### [What is required]
Every entry must be given again exactly. Include no pictures.

----------

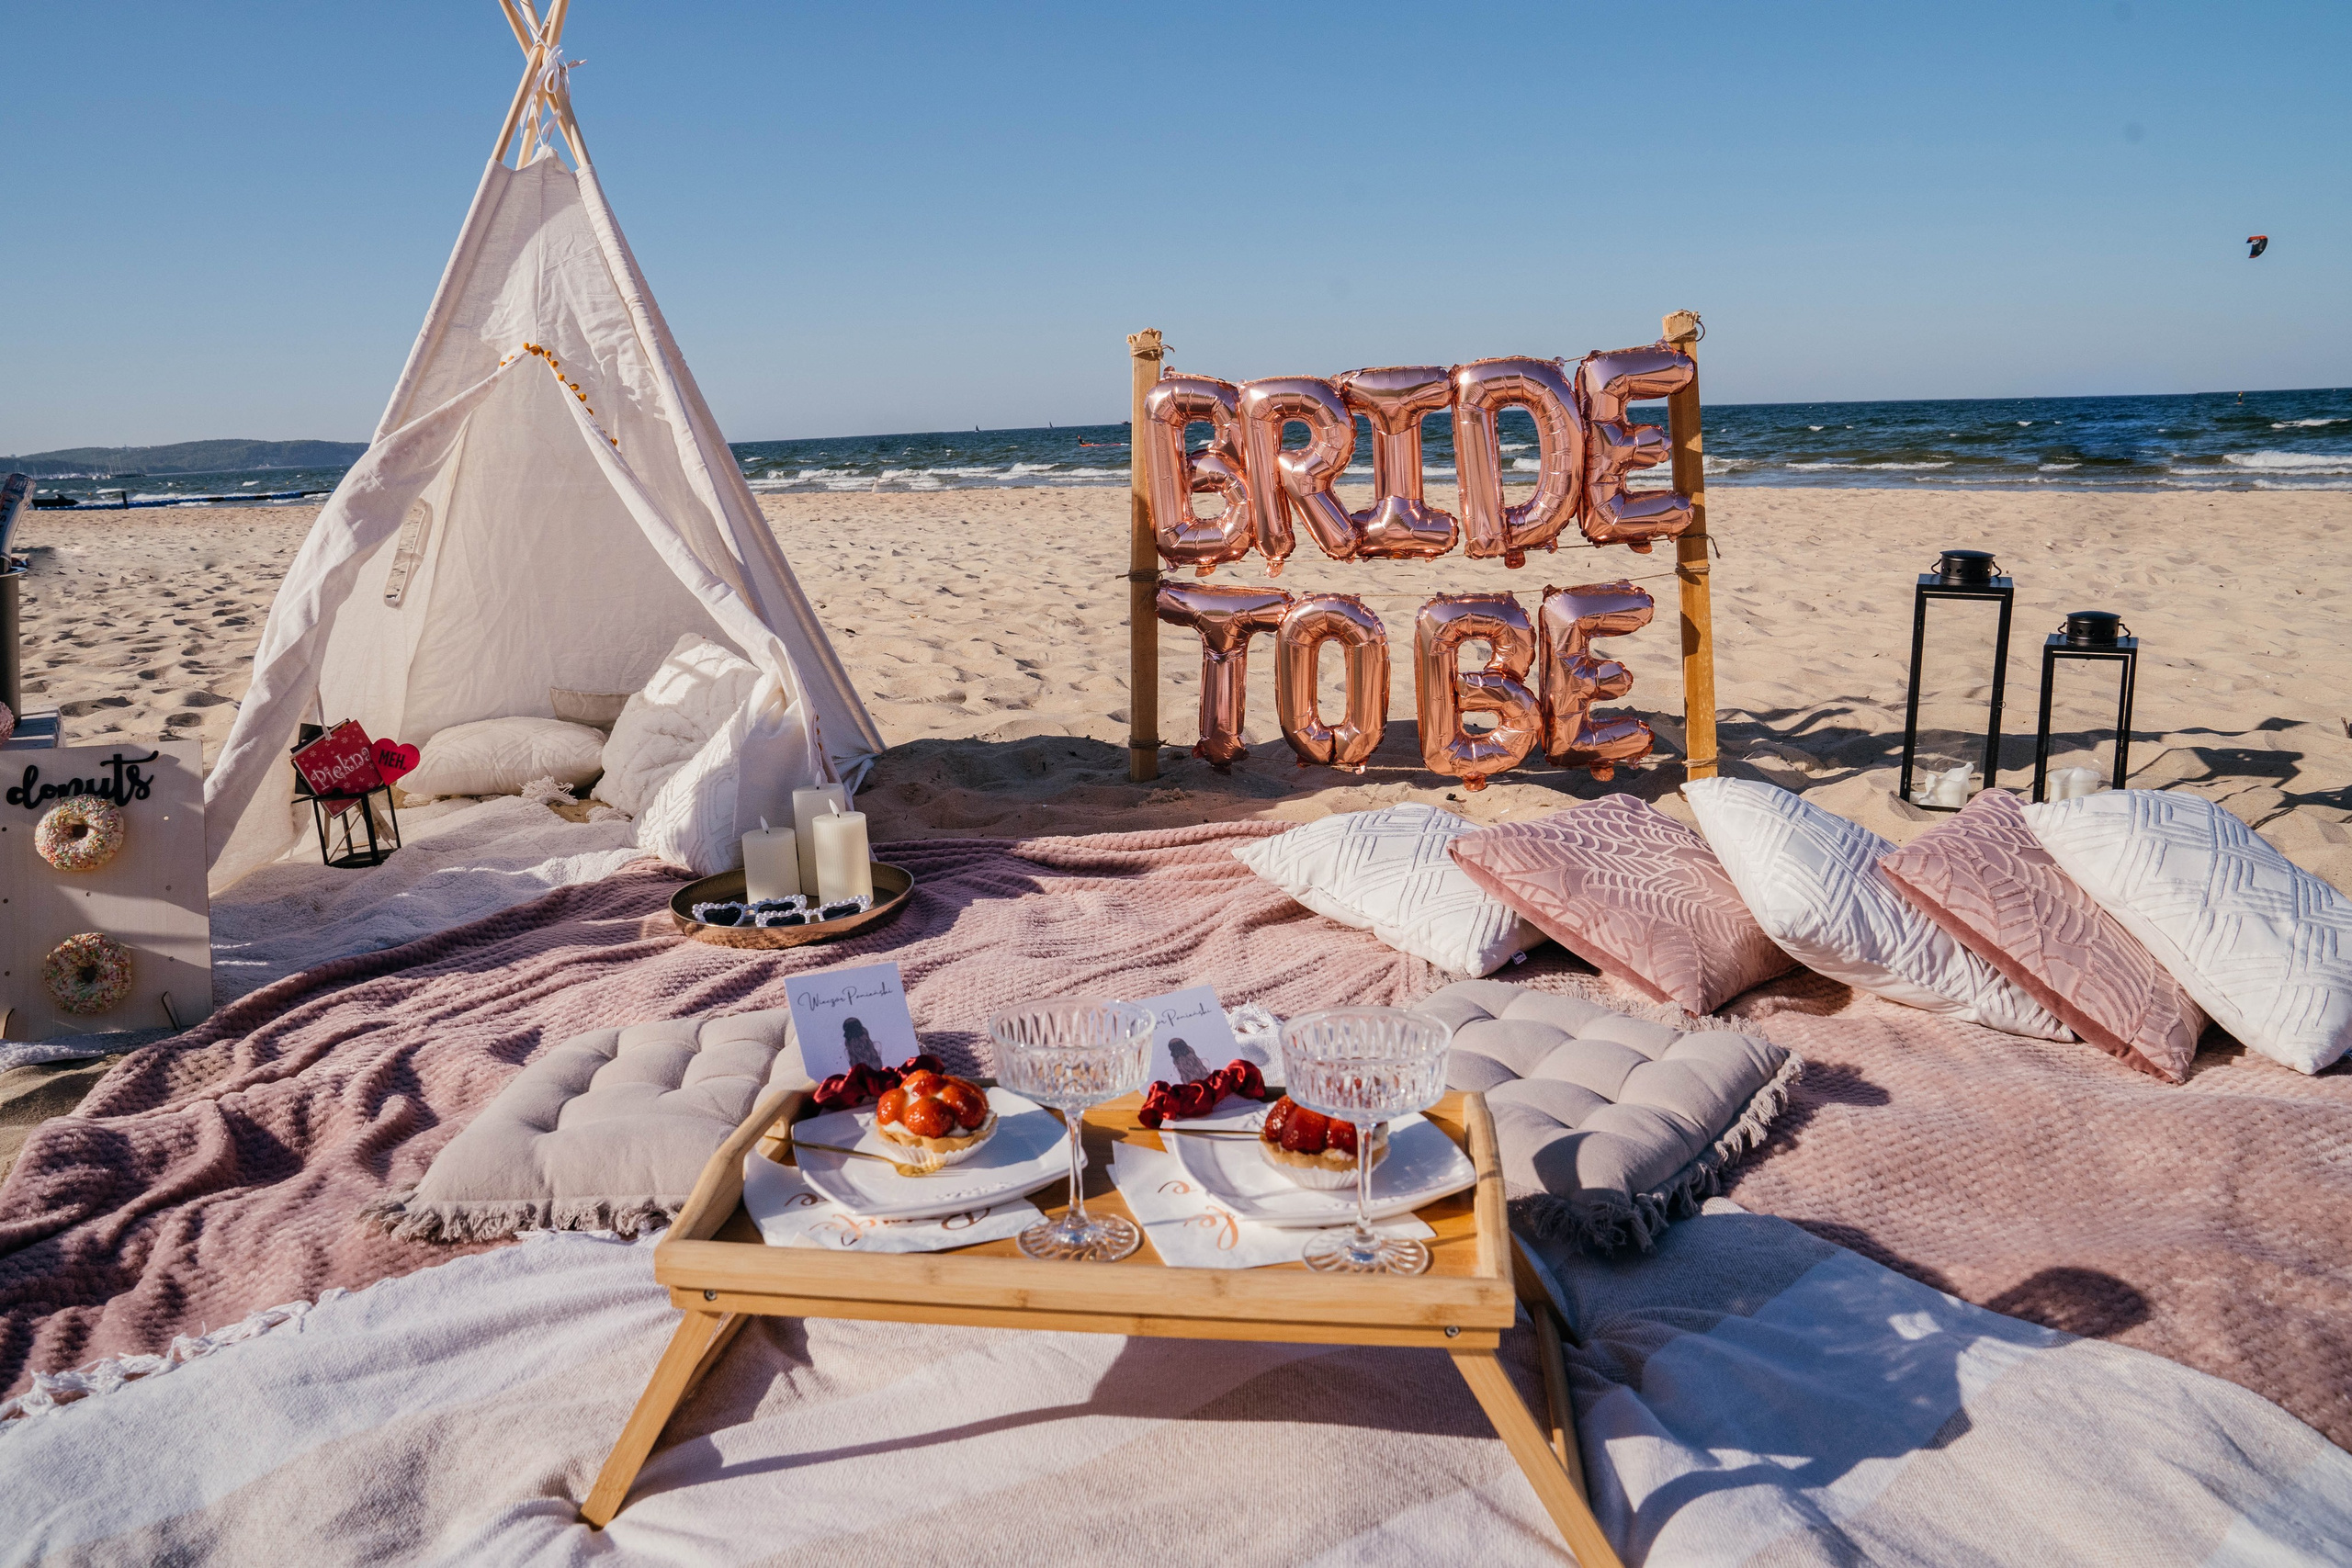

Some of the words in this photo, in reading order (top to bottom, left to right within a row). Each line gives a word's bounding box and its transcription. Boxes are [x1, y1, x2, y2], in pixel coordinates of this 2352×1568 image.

[1144, 340, 1695, 573] BRIDE
[1155, 579, 1390, 773] TO
[1415, 579, 1655, 783] BE
[6, 750, 159, 809] donuts
[378, 750, 406, 771] MEH.

----------

### [Reply]
Some of the words in this photo, in reading order (top to bottom, left to right within a row). Each line gives a word's bounding box and its transcription. Boxes are [x1, y1, x2, y2], in pixel coordinates of this 2352×1568 image.

[1144, 340, 1695, 573] BRIDE
[1155, 579, 1390, 773] TO
[1415, 579, 1655, 783] BE
[6, 750, 159, 809] donuts
[378, 750, 406, 771] MEH.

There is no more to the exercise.